- Flag Coat of arms
- Coordinates (Warta Bolesławiecka): 51°13′N 15°40′E﻿ / ﻿51.217°N 15.667°E
- Country: Poland
- Voivodeship: Lower Silesian
- County: Bolesławiec
- Seat: Warta Bolesławiecka
- Sołectwos: Iwiny, Iwiny-Osiedle, Jurków, Lubków, Raciborowice Dolne, Raciborowice Górne, Szczytnica, Tomaszów Bolesławiecki, Warta Bolesławiecka, Wartowice, Wilczy Las

Area
- • Total: 110.9 km^{2} (42.8 sq mi)

Population (2019-06-30)
- • Total: 8,650
- • Density: 78/km^{2} (200/sq mi)
- Website: https://www.wartaboleslawiecka.pl/

= Gmina Warta Bolesławiecka =

Gmina Warta Bolesławiecka is a rural gmina (administrative district) in Bolesławiec County, Lower Silesian Voivodeship, in south-western Poland.

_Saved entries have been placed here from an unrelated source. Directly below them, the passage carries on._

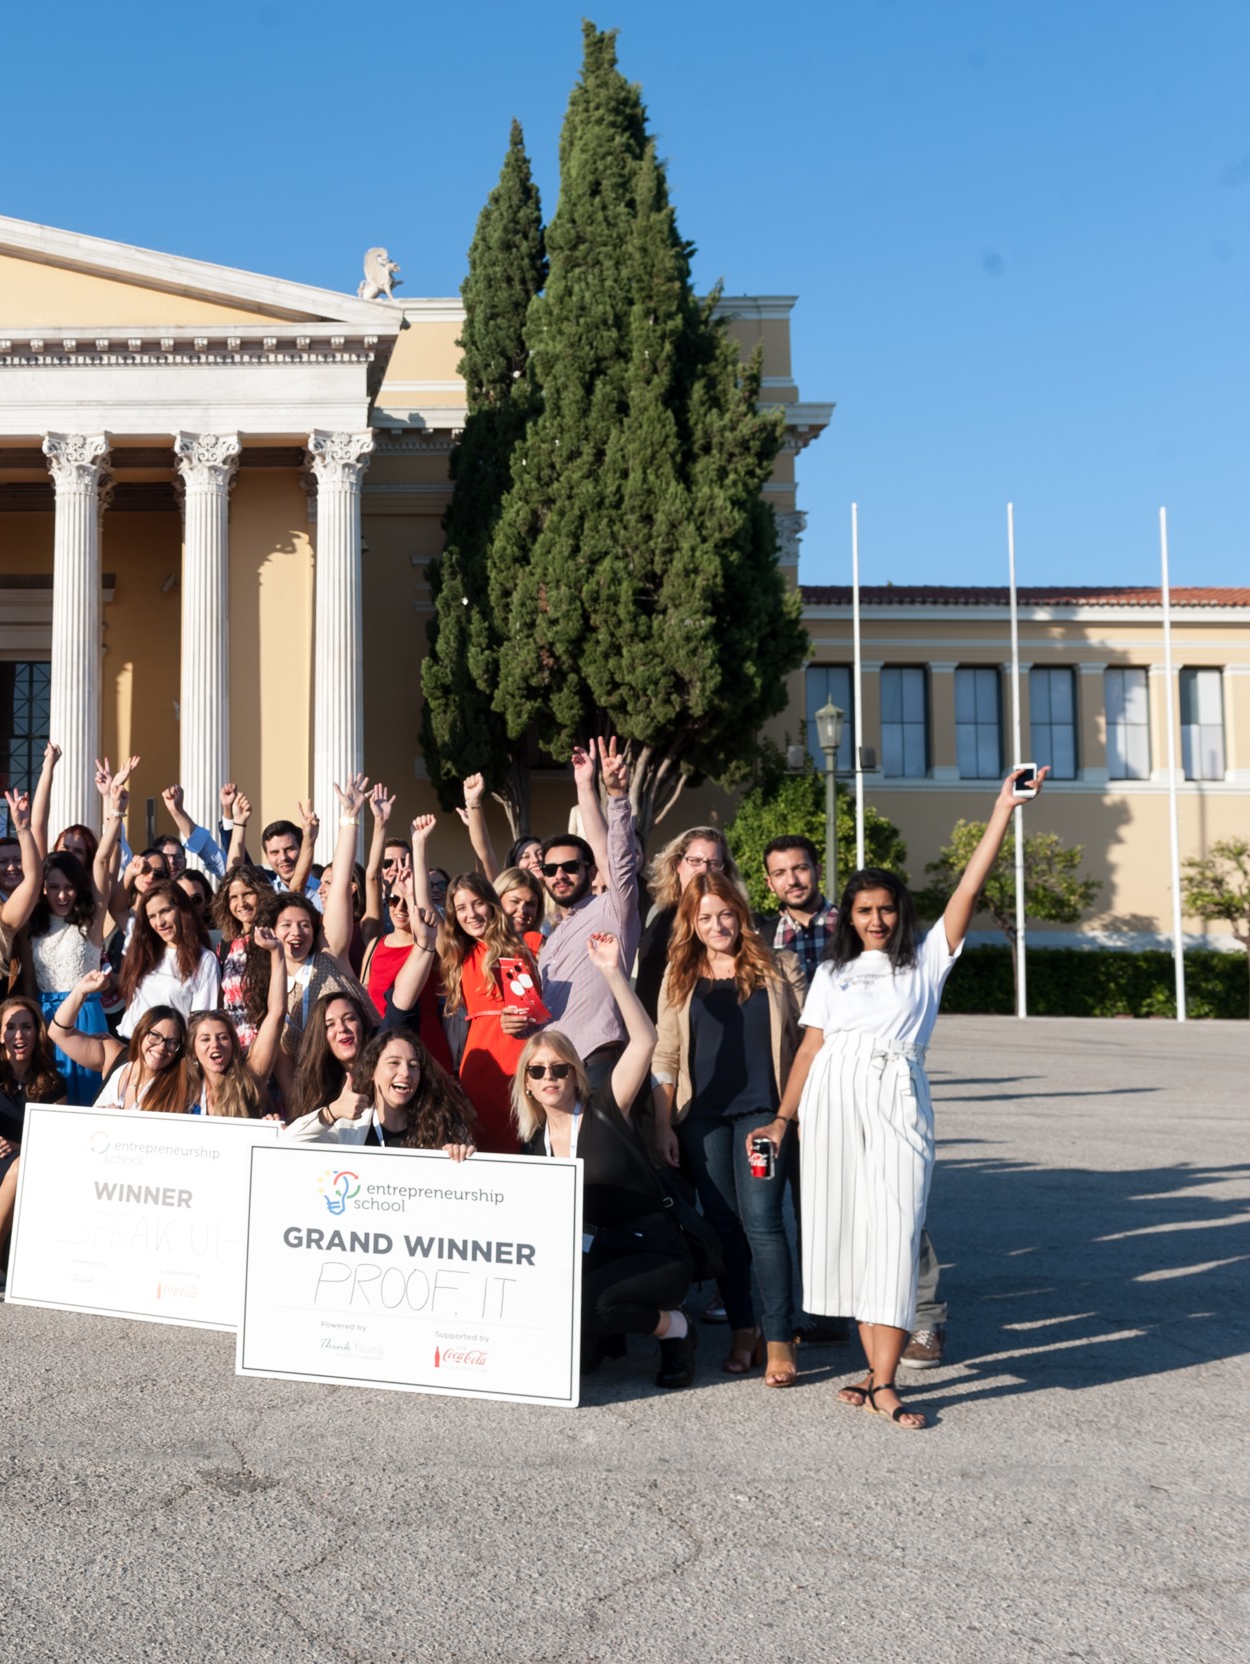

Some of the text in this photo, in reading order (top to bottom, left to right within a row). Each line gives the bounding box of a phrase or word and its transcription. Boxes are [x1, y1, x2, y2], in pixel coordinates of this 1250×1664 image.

[103, 1154, 143, 1167] school
[114, 1141, 221, 1161] entrepreneurship
[94, 1181, 193, 1209] WINNER
[366, 1182, 505, 1205] entrepreneurship
[353, 1196, 405, 1213] school
[283, 1226, 536, 1266] GRAND WINNER
[435, 1331, 477, 1341] Supported
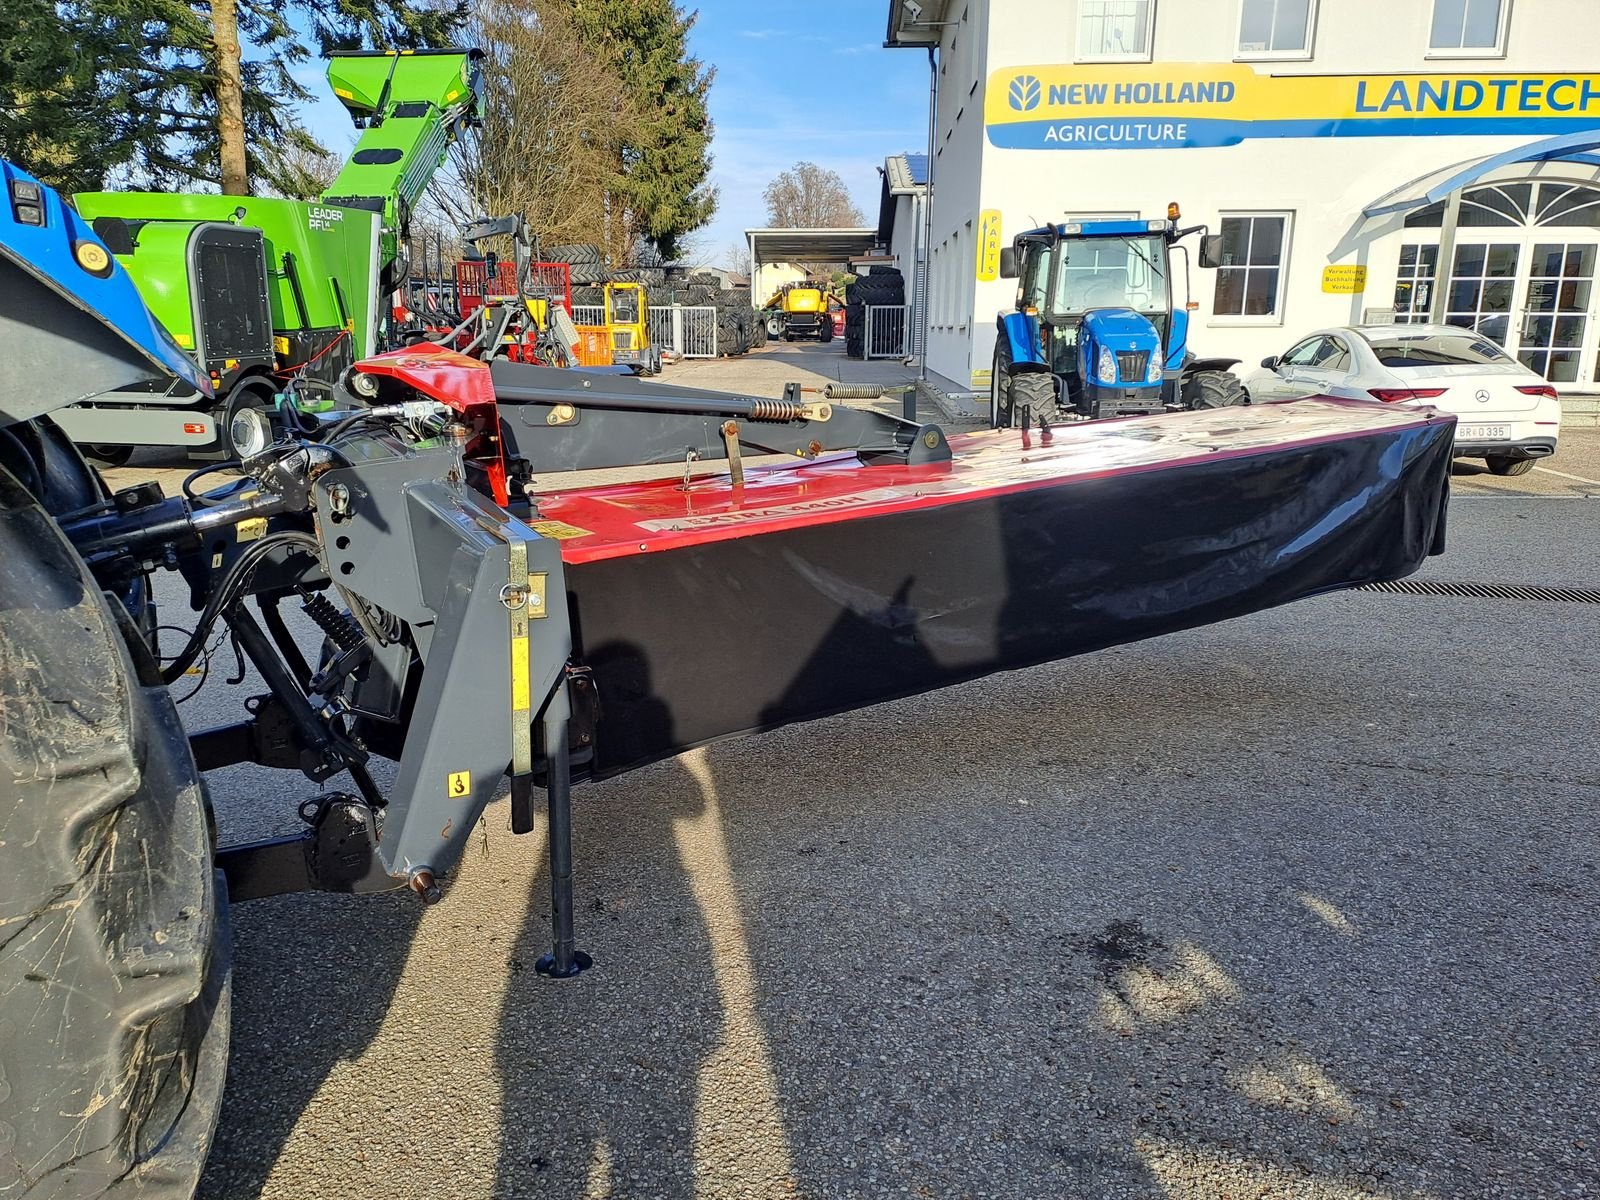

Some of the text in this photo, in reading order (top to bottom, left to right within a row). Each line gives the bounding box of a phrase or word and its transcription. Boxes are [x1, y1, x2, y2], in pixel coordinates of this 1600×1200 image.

Its seat is the village of Warta Bolesławiecka, which lies approximately 9 km south-east of Bolesławiec and 97 km west of the regional capital Wrocław.

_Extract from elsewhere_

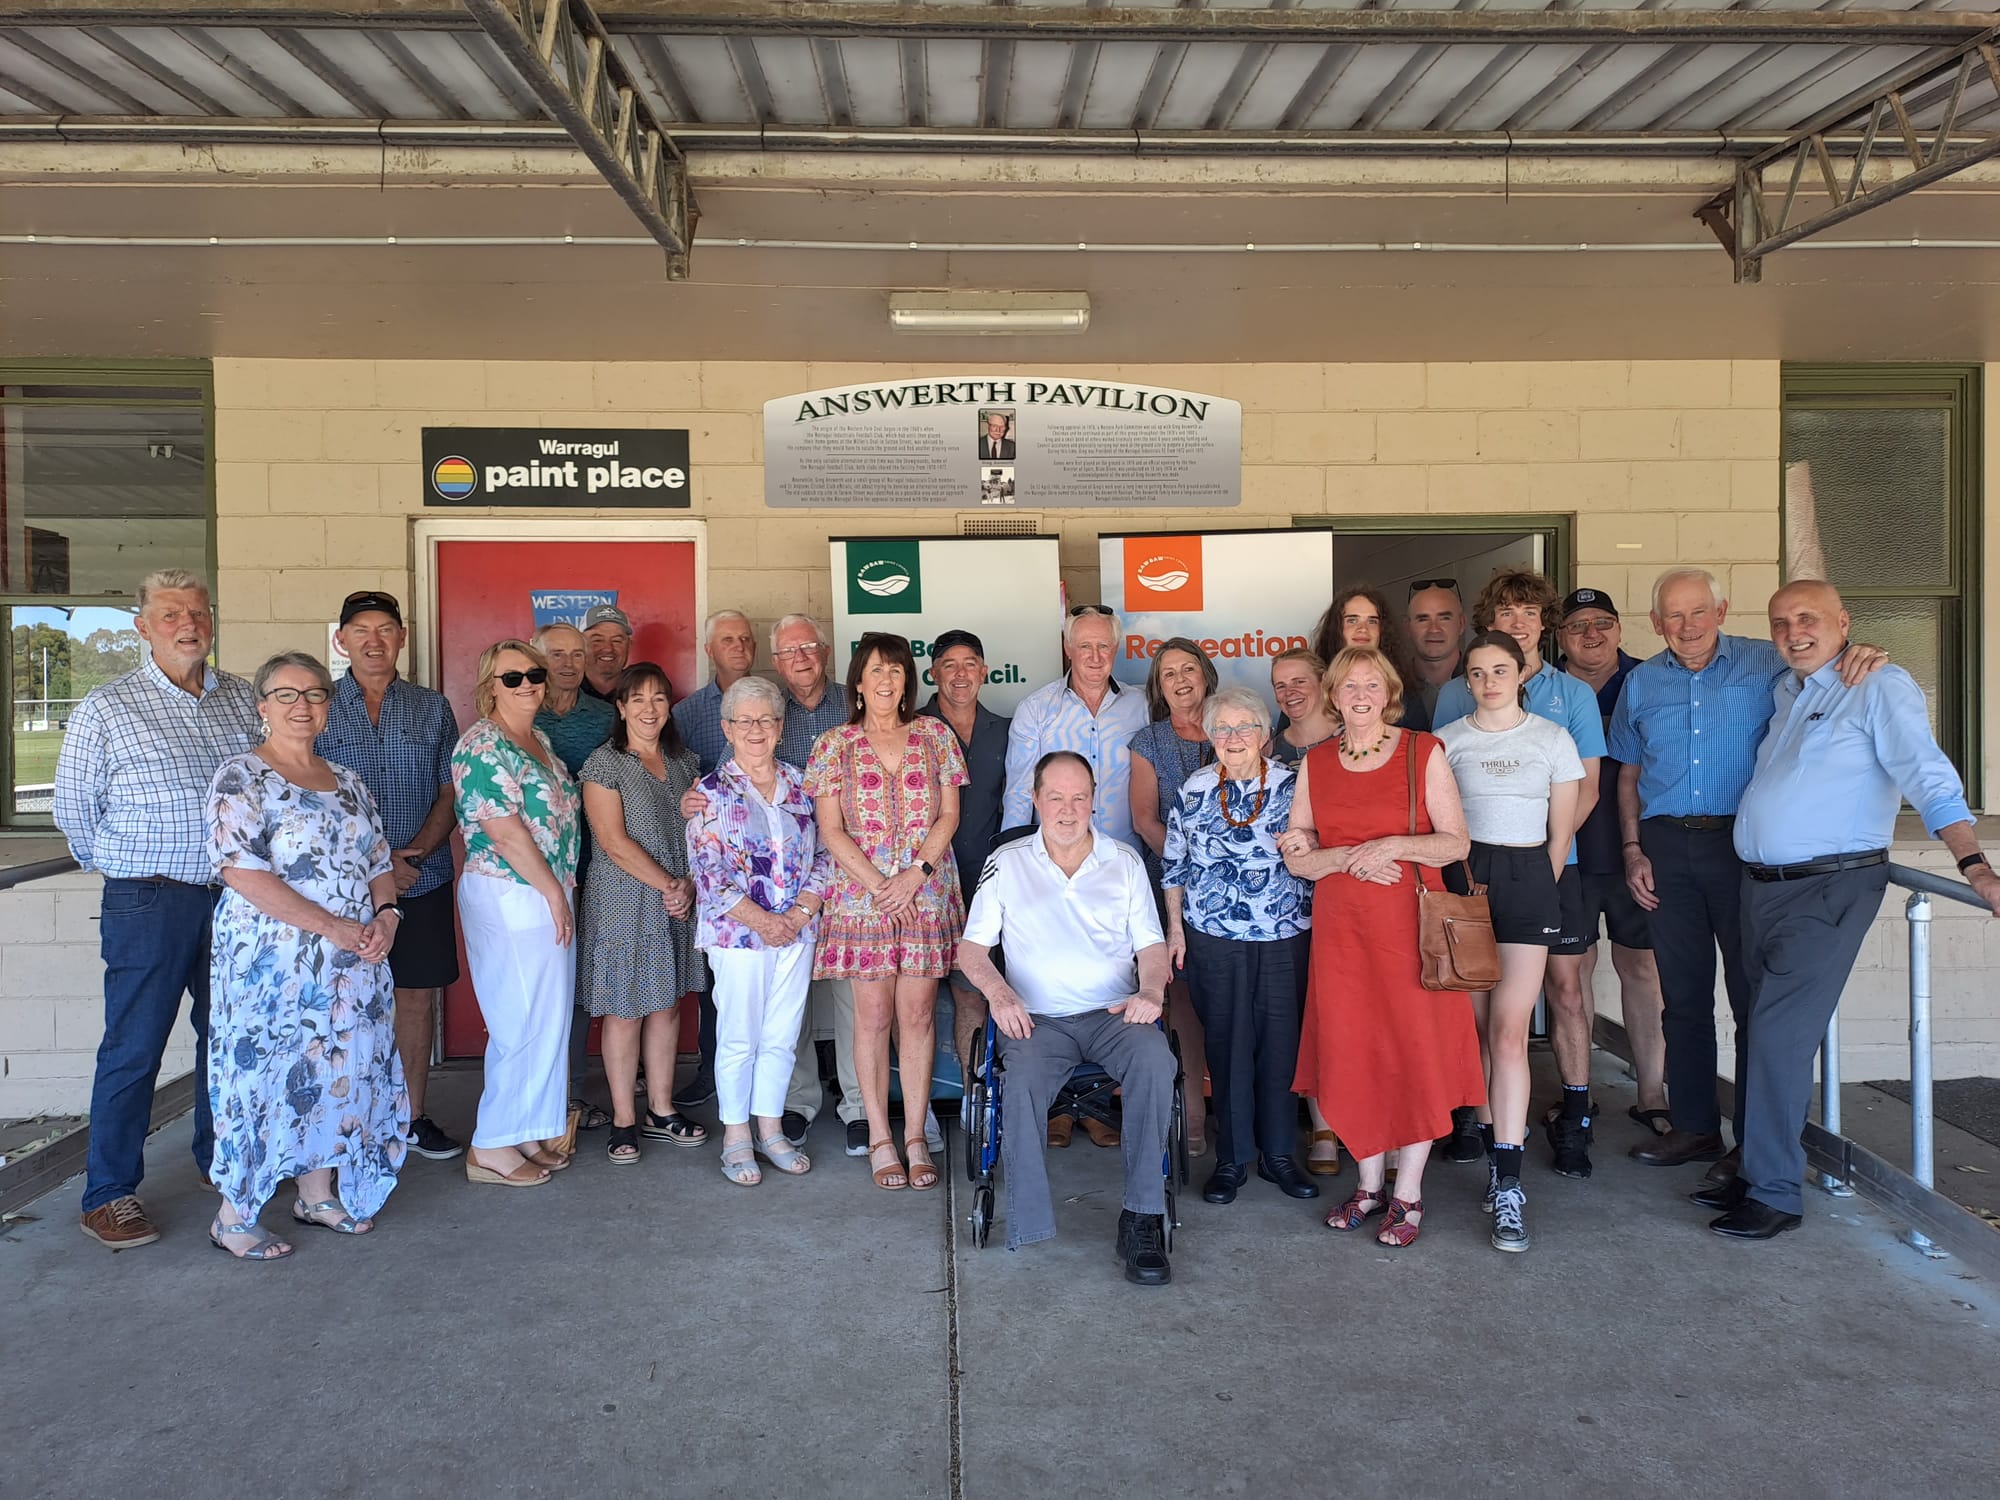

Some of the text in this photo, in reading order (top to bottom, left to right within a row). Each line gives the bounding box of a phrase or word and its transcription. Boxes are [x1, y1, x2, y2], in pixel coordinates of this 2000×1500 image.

The gmina covers an area of 110.9 km2, and as of 2019 its total population is 8,650.

==Neighbouring gminas==
Gmina Warta Bolesławiecka is bordered by the gminas of Bolesławiec, Chojnów, Gromadka, Lwówek Śląski, Pielgrzymka and Zagrodno.

==Villages==
The gmina contains the villages of Iwiny, Jurków, Lubków, Raciborowice Dolne, Raciborowice Górne, Szczytnica, Tomaszów Bolesławiecki, Warta Bolesławiecka, Wartowice and Wilczy Las.